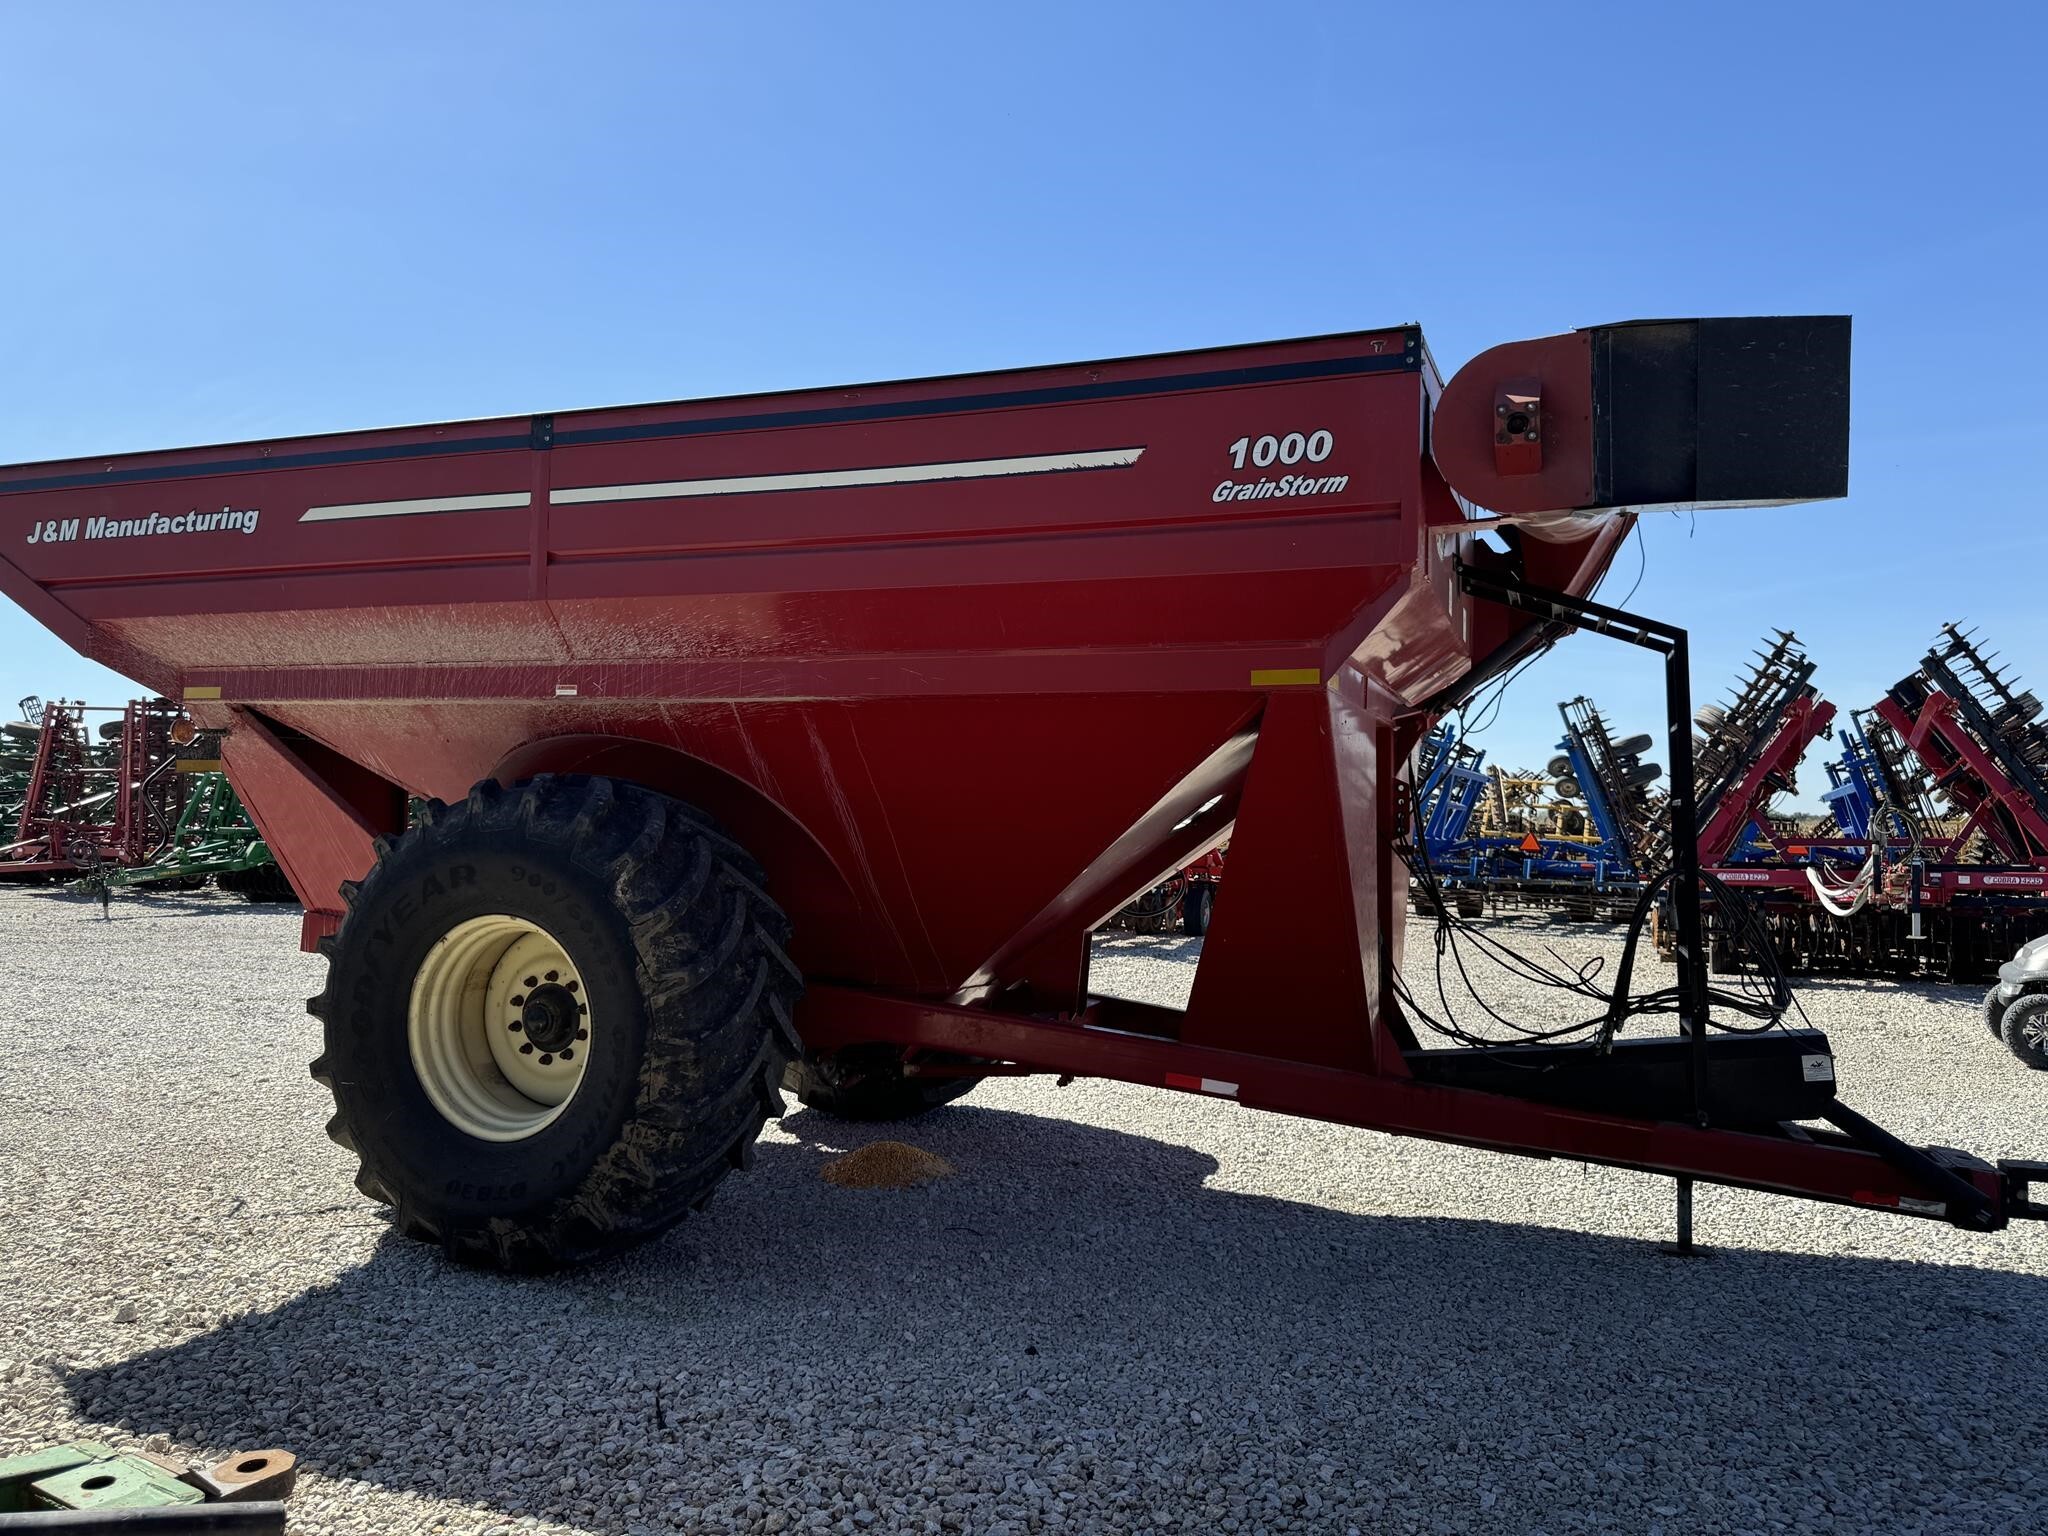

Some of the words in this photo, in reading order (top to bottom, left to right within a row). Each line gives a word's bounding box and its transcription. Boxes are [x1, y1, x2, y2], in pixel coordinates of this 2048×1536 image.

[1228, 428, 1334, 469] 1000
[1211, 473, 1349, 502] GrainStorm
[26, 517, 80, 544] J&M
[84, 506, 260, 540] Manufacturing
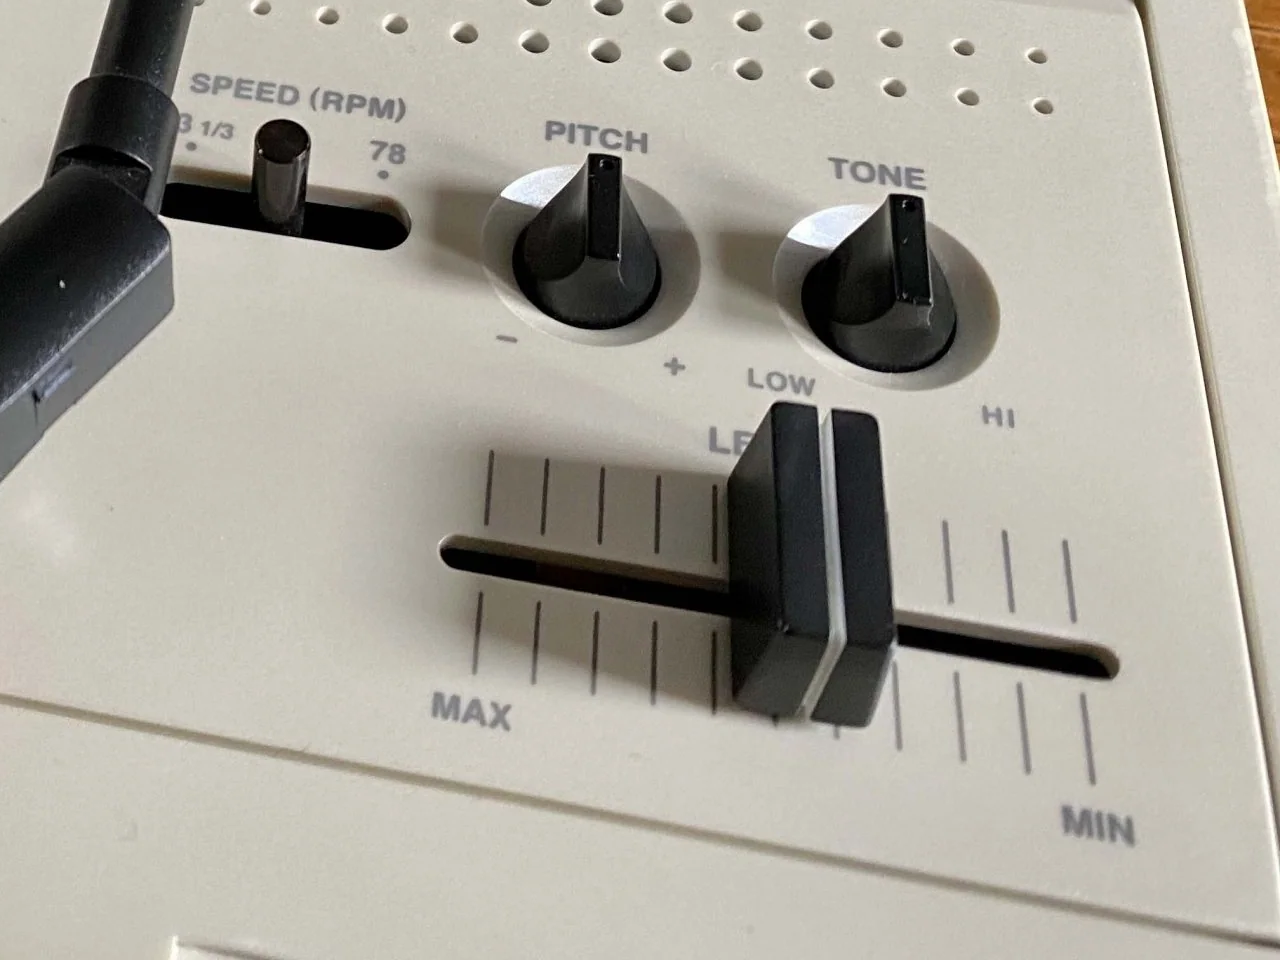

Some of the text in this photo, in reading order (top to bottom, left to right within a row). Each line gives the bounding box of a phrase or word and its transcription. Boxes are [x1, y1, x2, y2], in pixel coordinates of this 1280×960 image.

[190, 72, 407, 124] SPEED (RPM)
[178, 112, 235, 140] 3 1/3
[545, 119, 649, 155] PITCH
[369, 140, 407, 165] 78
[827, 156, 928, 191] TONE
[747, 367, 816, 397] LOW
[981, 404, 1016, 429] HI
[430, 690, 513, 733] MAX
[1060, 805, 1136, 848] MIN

| PROBLEM TO SOLVE |
Please restate the entries word for word, with all pictures left out.

| SOLUTION FOR THIS PROBLEM |
Some of the words in this photo, in reading order (top to bottom, left to right within a row). Each line gives a word's bounding box and its transcription. Boxes are [x1, y1, x2, y2], in pixel coordinates of this 2048×1536 image.

[1228, 428, 1334, 469] 1000
[1211, 473, 1349, 502] GrainStorm
[26, 517, 80, 544] J&M
[84, 506, 260, 540] Manufacturing

Some of the text in this photo, in reading order (top to bottom, left to right within a row). Each line gives the bounding box of a phrase or word and its transcription. Boxes are [x1, y1, x2, y2], in pixel coordinates of this 1280×960 image.

[190, 72, 407, 124] SPEED (RPM)
[178, 112, 235, 140] 3 1/3
[545, 119, 649, 155] PITCH
[369, 140, 407, 165] 78
[827, 156, 928, 191] TONE
[747, 367, 816, 397] LOW
[981, 404, 1016, 429] HI
[430, 690, 513, 733] MAX
[1060, 805, 1136, 848] MIN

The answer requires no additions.